Reconócelo: tú también has pensado que ver el eclipse solar total del 12 de agosto desde un acantilado gallego es el plan del verano. Y lo es, pero las autoridades no están dispuestas a que todos los miradores más icónicos acaben convertidos en una trampa para turistas. La Xunta de Galicia ha publicado un listado provisional con 29 zonas vetadas repartidas por las cuatro provincias, desde la Torre de Hércules hasta el mirador de Cadeiras en Ourense.
El motivo no es precisamente que quieran amargarnos la foto. Detrás de cada prohibición hay una combinación de accesos complicados, riesgo de evacuación difícil, falta de servicios básicos y, sobre todo, la protección de entornos naturales que no sobrevivirían a una marabunta de visitantes buscando el mejor encuadre.
¿Por qué la Xunta nos dice 'no' en estos sitios?
Imagina que decides subir al Monte Pindo para ver cómo el día se convierte en noche durante dos minutos. El paisaje es de postal, sí, pero las condiciones del terreno y la ausencia de vías de evacuación hacen que cualquier imprevisto se convierta en un problema gordo. Esa es la lógica que se repite en casi todos los enclaves prohibidos. La Xunta quiere evitar aglomeraciones que desborden senderos, pongan en peligro la flora y la fauna, y compliquen la llegada de servicios de emergencia.
En la lista está uno de los grandes iconos turísticos de Galicia: la Torre de Hércules y las vecinas islas de San Pedro. El Concello de A Coruña ha pedido restringir el acceso porque parte del público podría abandonar los caminos habilitados. Las islas, además, tienen un ecosistema marino y terrestre súper sensible.
Así que ya sabes, no es capricho. Es puro sentido común.
Las 29 zonas vetadas, provincia por provincia
La provincia con más vetos es Lugo, con 17 enclaves que incluyen acantilados, miradores y playas. Hablamos de lugares tan apetecibles como los acantilados de Papel en Xove, el monte Comado en Barreiros, o el famoso sendero de Fuciño do Porco en O Vicedo. Lugo concentra buena parte de la expectación y, por tanto, del riesgo.
En A Coruña, además de la Torre, quedan fuera la playa de O Pedrido en Bergondo, las furnas de Dexo en Oleiros y cuatro enclaves de Carnota: el mirador de Cabana, A Berberecheira, la playa de Carnota y el Monte Pindo.

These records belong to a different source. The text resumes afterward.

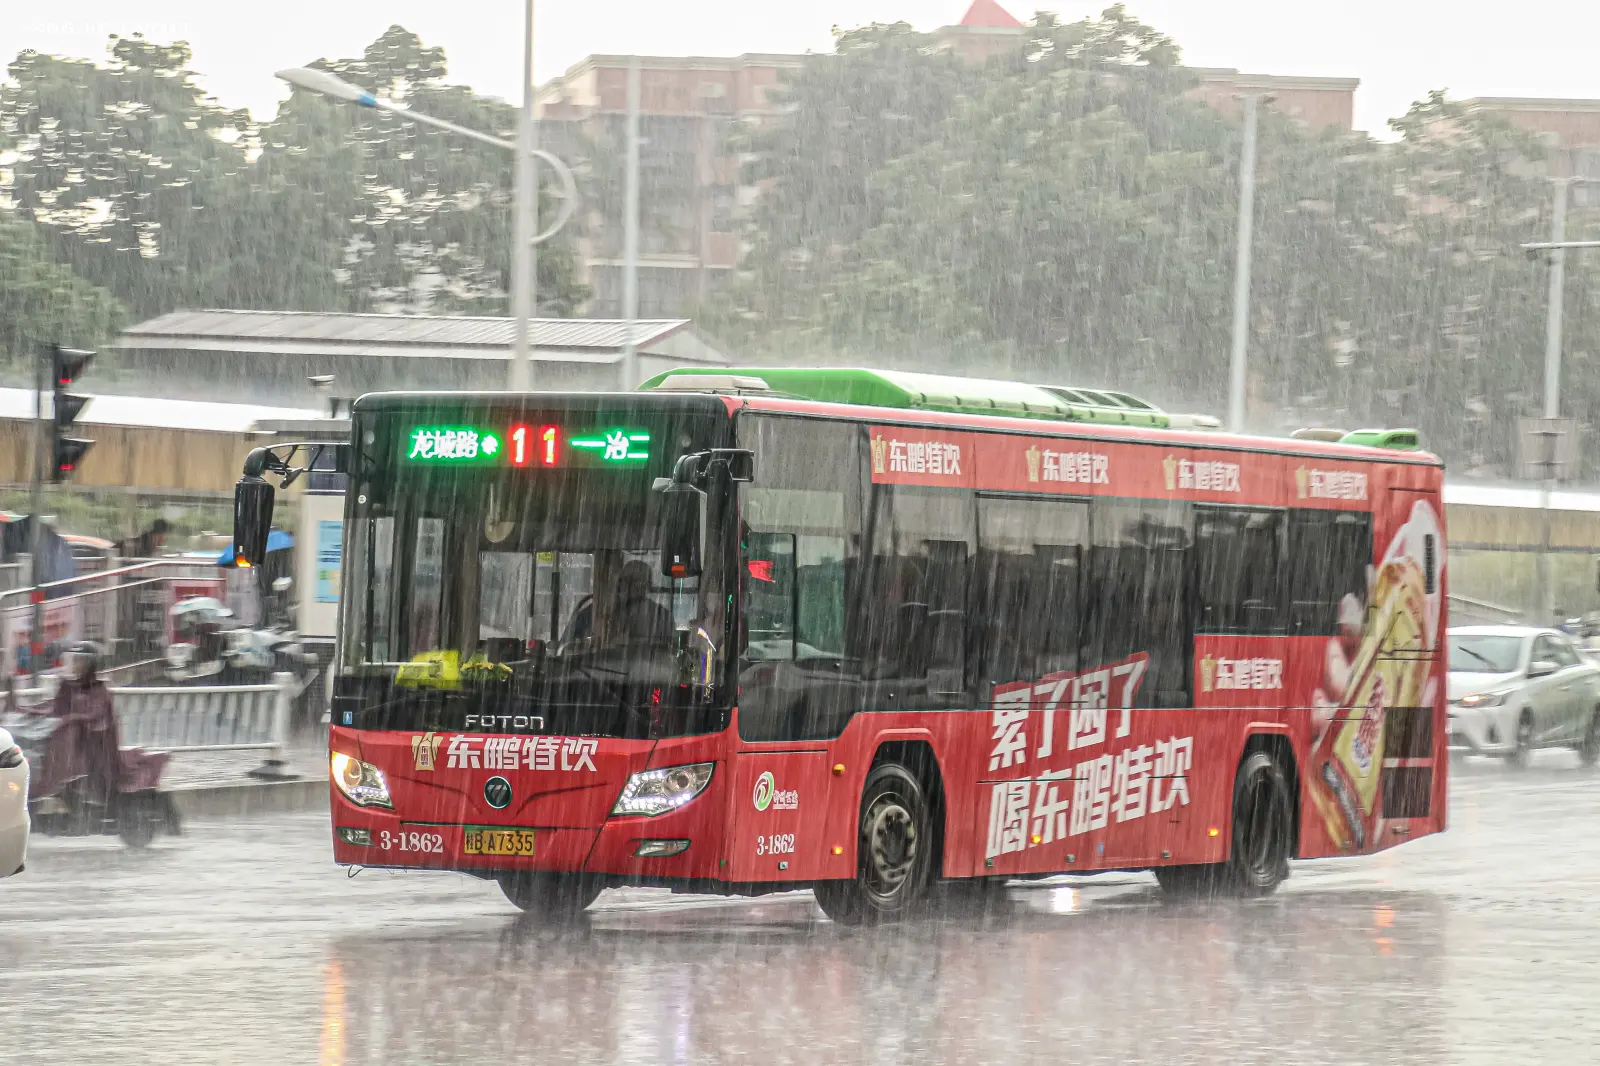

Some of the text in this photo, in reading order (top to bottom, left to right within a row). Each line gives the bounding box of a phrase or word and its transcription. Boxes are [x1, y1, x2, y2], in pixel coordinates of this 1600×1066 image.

[512, 427, 556, 463] 11
[889, 438, 962, 475] 东鹏特饮
[465, 714, 545, 730] FOTON
[988, 658, 1147, 772] 累了困了
[446, 734, 599, 772] 东鹏特饮
[986, 735, 1194, 859] 喝东鹏特饮
[380, 830, 444, 854] 3-1862
[756, 833, 795, 856] 3-1862

En Pontevedra solo figuran tres puntos: Xestoso, la fervenza da Toxa en Silleda y el Monte da Guía en Vigo. Y en Ourense, el veto se resume en la pista de montaña que sube al mirador de San Martiño (o de Cadeiras).
Prohibir no es castigar: es asegurarse de que el mejor recuerdo del eclipse no sea un atasco o un rescate.

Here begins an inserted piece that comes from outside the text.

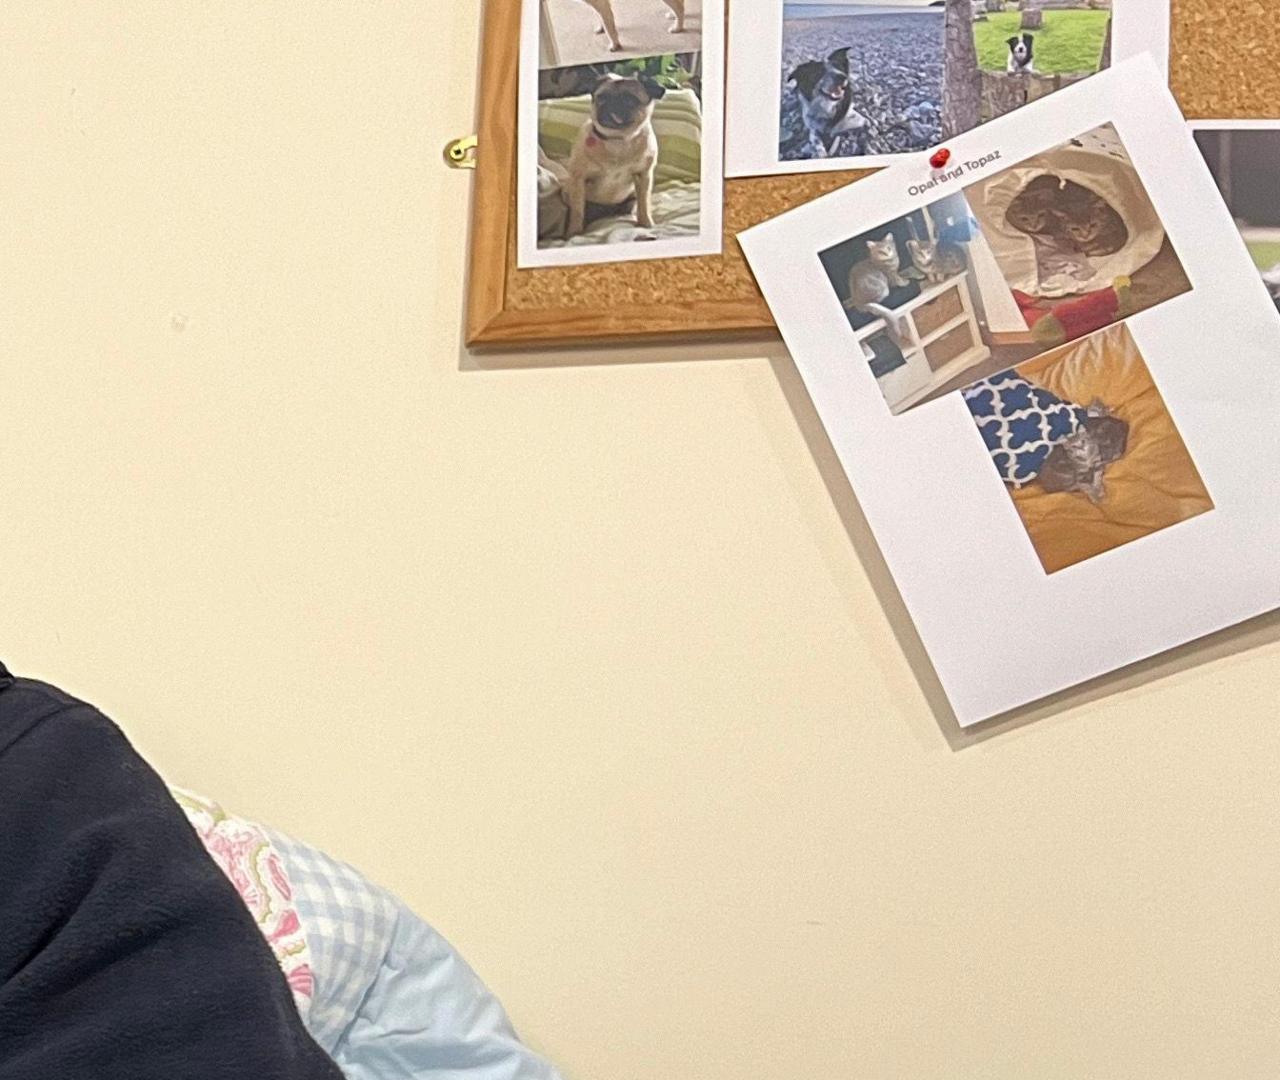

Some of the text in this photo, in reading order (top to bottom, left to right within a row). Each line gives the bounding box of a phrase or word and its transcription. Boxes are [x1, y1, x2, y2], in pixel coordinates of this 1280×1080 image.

[908, 150, 1002, 196] Opal and Topaz

Vale, ¿y dónde sí puedo ver el eclipse sin problemas?
La buena noticia es que la Xunta ya ha validado 85 puntos oficiales de observación donde podrás ver el eclipse con garantías de seguridad y capacidad. Se han seleccionado sitios accesibles y con espacio para todos. En A Coruña, por ejemplo, el Ayuntamiento ha planteado varios espacios enormes: la zona de la Casa de los Peces y O Portiño pueden acoger hasta 100.000 personas cada uno; el monte de San Pedro, unas 40.000; y la franja costera de San Antón, el Náutico y O Parrote, unas 30.000 más.
Vamos, que no te quedarás sin sitio. Solo toca cambiar el plan de acantilado por uno más urbano y controlado. Y llevar las gafas homologadas, claro.
🧠 Para soltarlo en la cena
La Xunta teme que la emoción eclipse la prudencia en los acantilados.